The problem: Restate every line of the material below word for word, skipping the images.

Provided records:
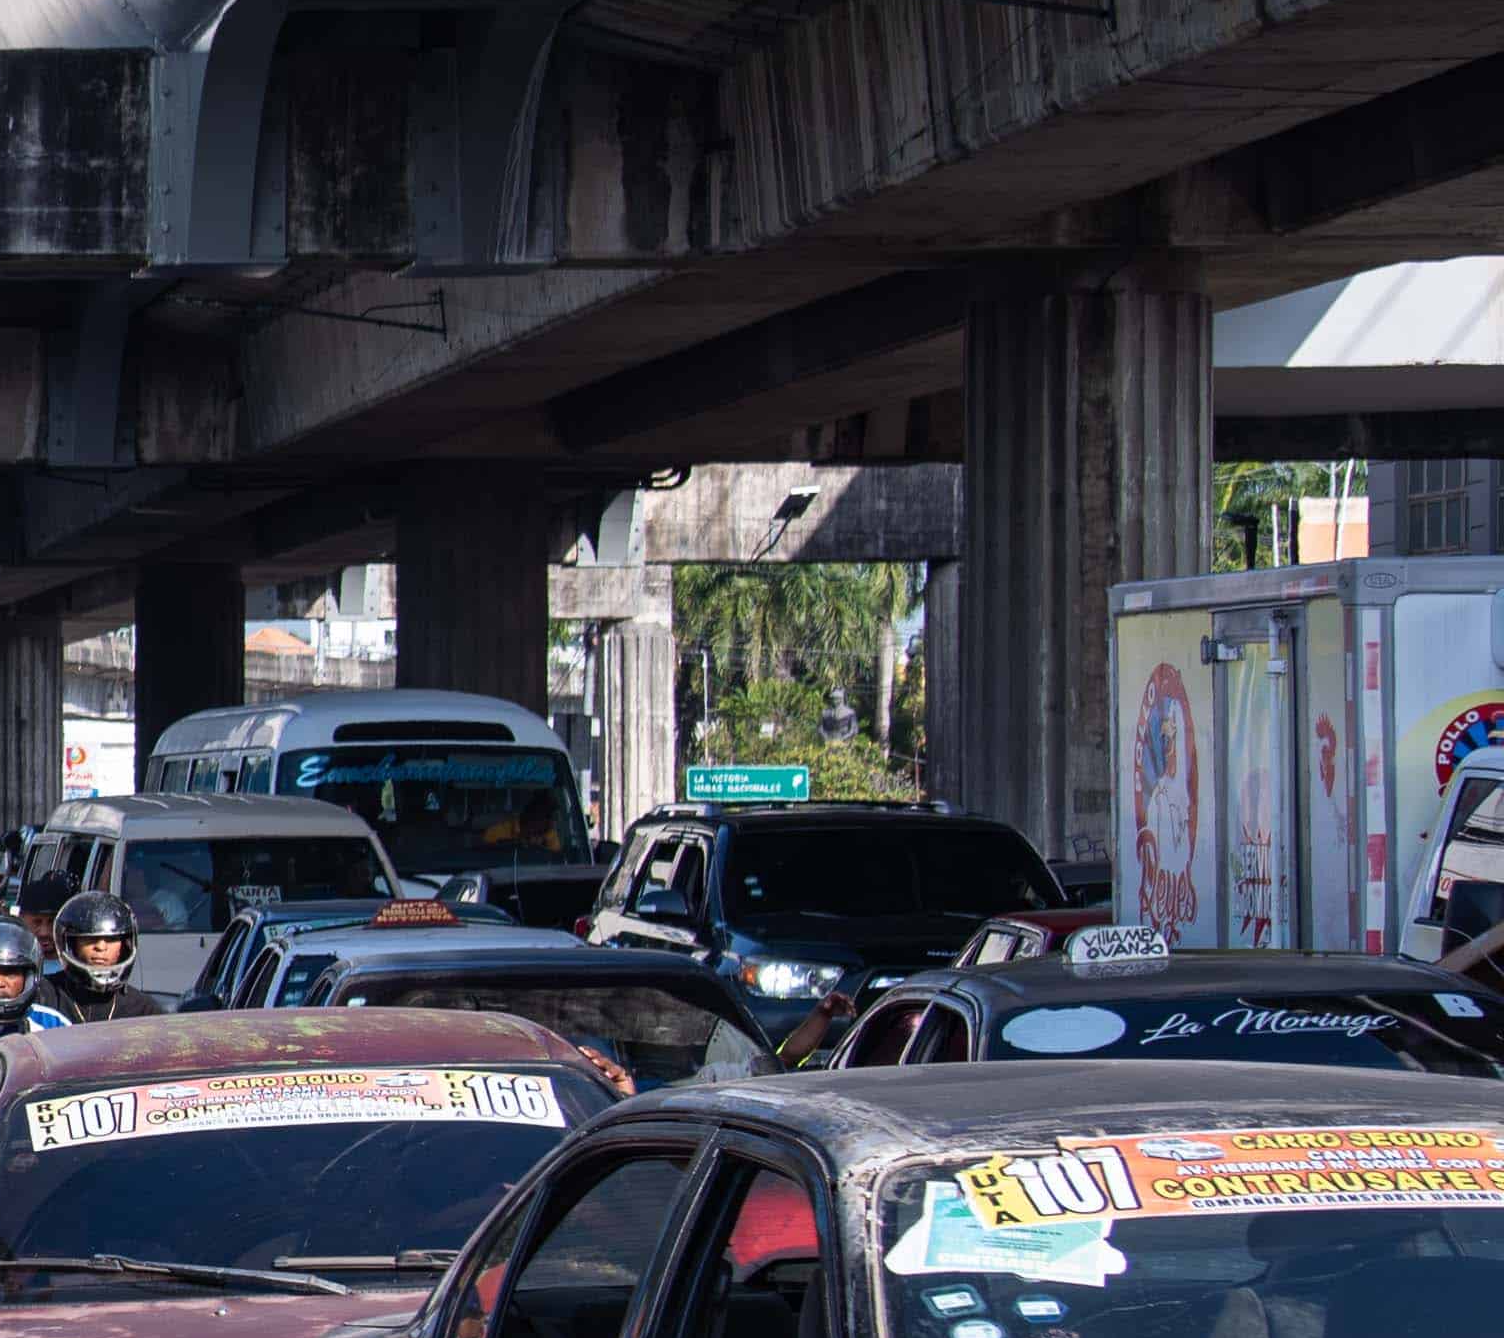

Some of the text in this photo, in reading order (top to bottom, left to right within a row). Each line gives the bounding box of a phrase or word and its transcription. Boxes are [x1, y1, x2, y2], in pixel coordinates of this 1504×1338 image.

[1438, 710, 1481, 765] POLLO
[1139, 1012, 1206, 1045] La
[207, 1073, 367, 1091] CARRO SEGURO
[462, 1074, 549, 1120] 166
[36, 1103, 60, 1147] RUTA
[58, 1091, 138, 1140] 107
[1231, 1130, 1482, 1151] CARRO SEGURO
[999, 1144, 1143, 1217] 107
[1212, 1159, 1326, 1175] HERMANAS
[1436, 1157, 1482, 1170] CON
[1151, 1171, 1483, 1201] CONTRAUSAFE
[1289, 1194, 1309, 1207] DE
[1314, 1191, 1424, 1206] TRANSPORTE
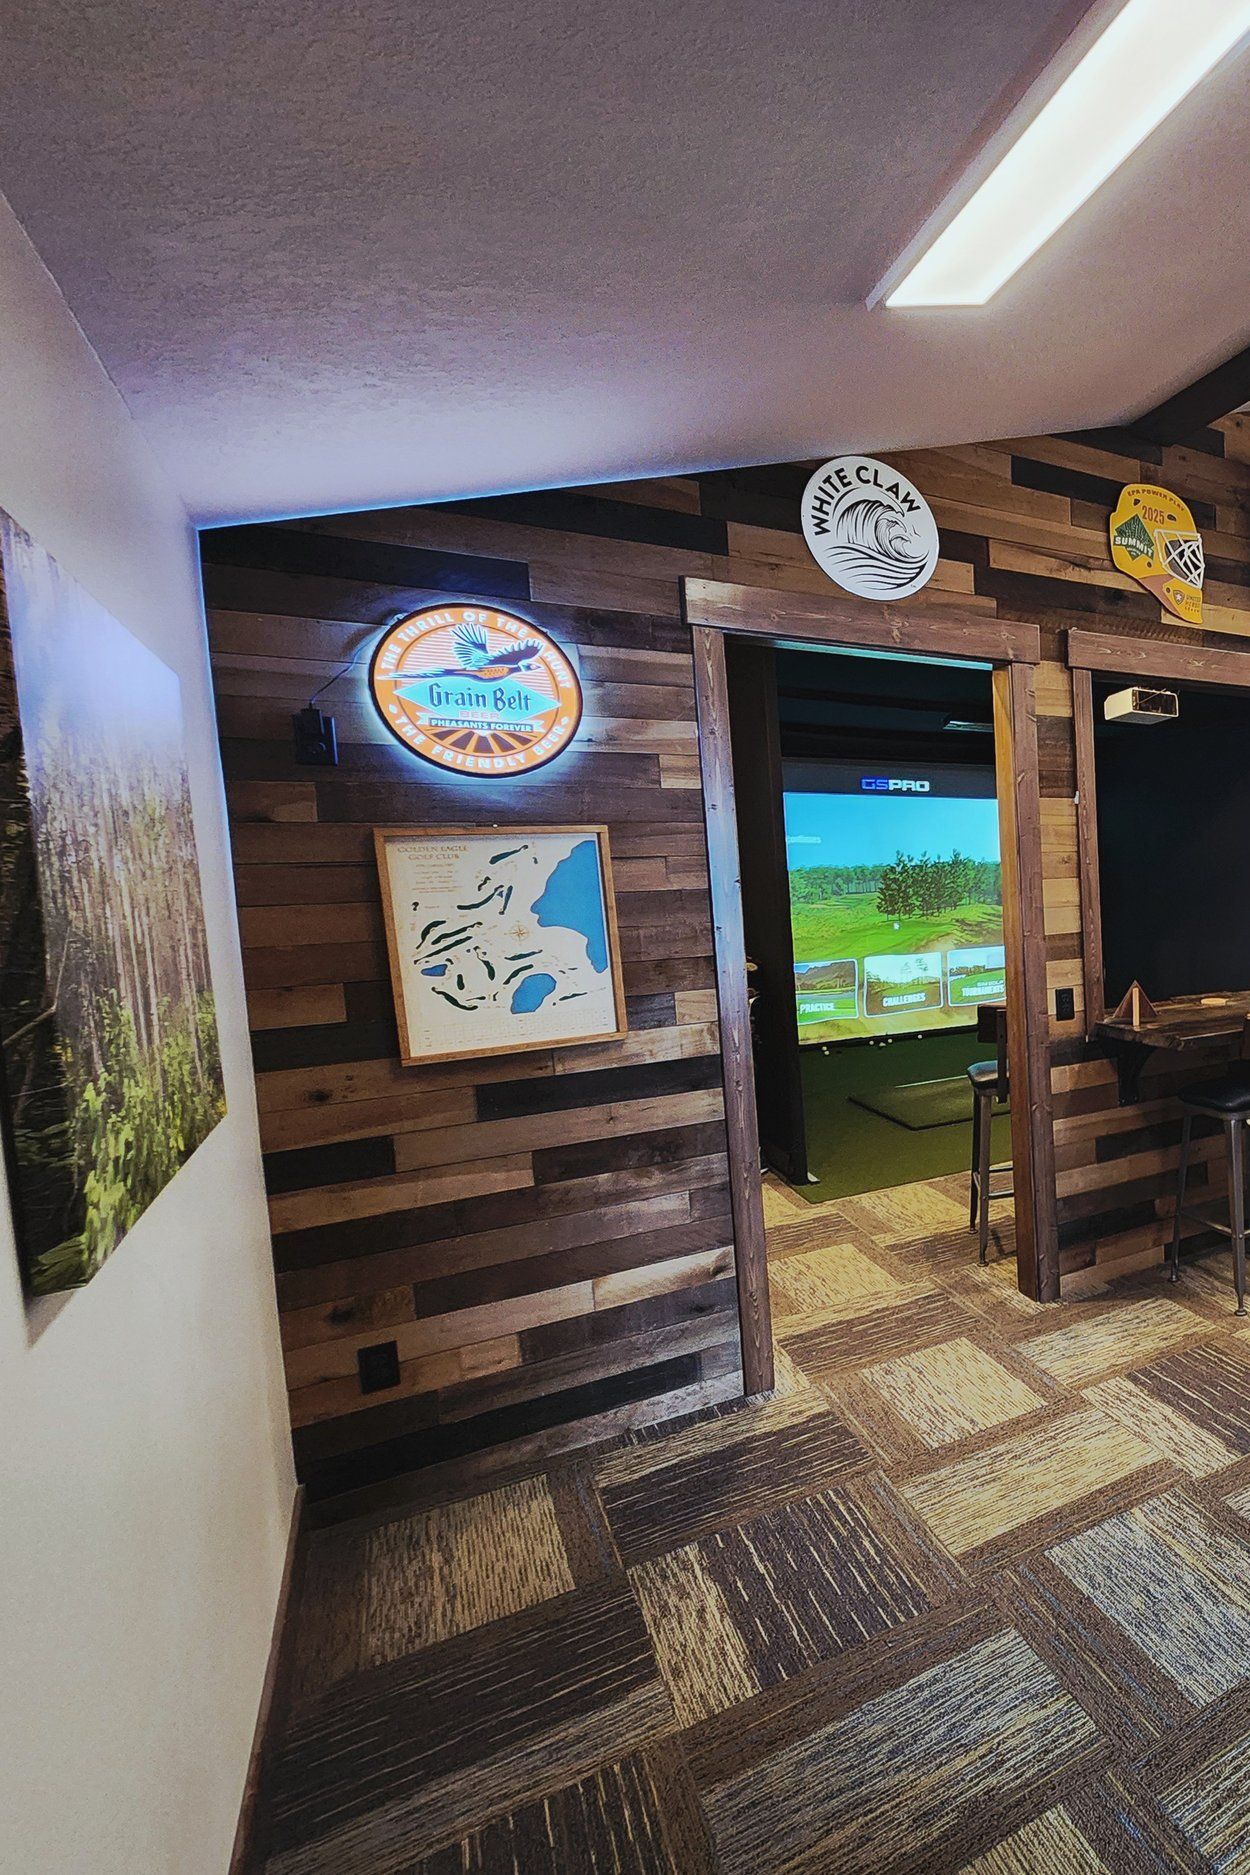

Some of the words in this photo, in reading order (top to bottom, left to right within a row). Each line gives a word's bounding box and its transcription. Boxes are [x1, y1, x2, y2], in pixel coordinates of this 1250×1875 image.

Answer below:
Some of the text in this photo, in reading order (top to bottom, left to right within a row). Each line gives the bounding box of a phrase or word and its transcription. Boxes are [x1, y1, x2, y2], in pixel coordinates of this 1504×1338 image.

[1438, 710, 1481, 765] POLLO
[1139, 1012, 1206, 1045] La
[207, 1073, 367, 1091] CARRO SEGURO
[462, 1074, 549, 1120] 166
[36, 1103, 60, 1147] RUTA
[58, 1091, 138, 1140] 107
[1231, 1130, 1482, 1151] CARRO SEGURO
[999, 1144, 1143, 1217] 107
[1212, 1159, 1326, 1175] HERMANAS
[1436, 1157, 1482, 1170] CON
[1151, 1171, 1483, 1201] CONTRAUSAFE
[1289, 1194, 1309, 1207] DE
[1314, 1191, 1424, 1206] TRANSPORTE

Some of the words in this photo, in reading order (top to bottom, left to right within a row). Each line gives a word's bounding box and its transcription. Boxes are [x1, y1, x2, y2], in pixel coordinates of this 1250×1875 image.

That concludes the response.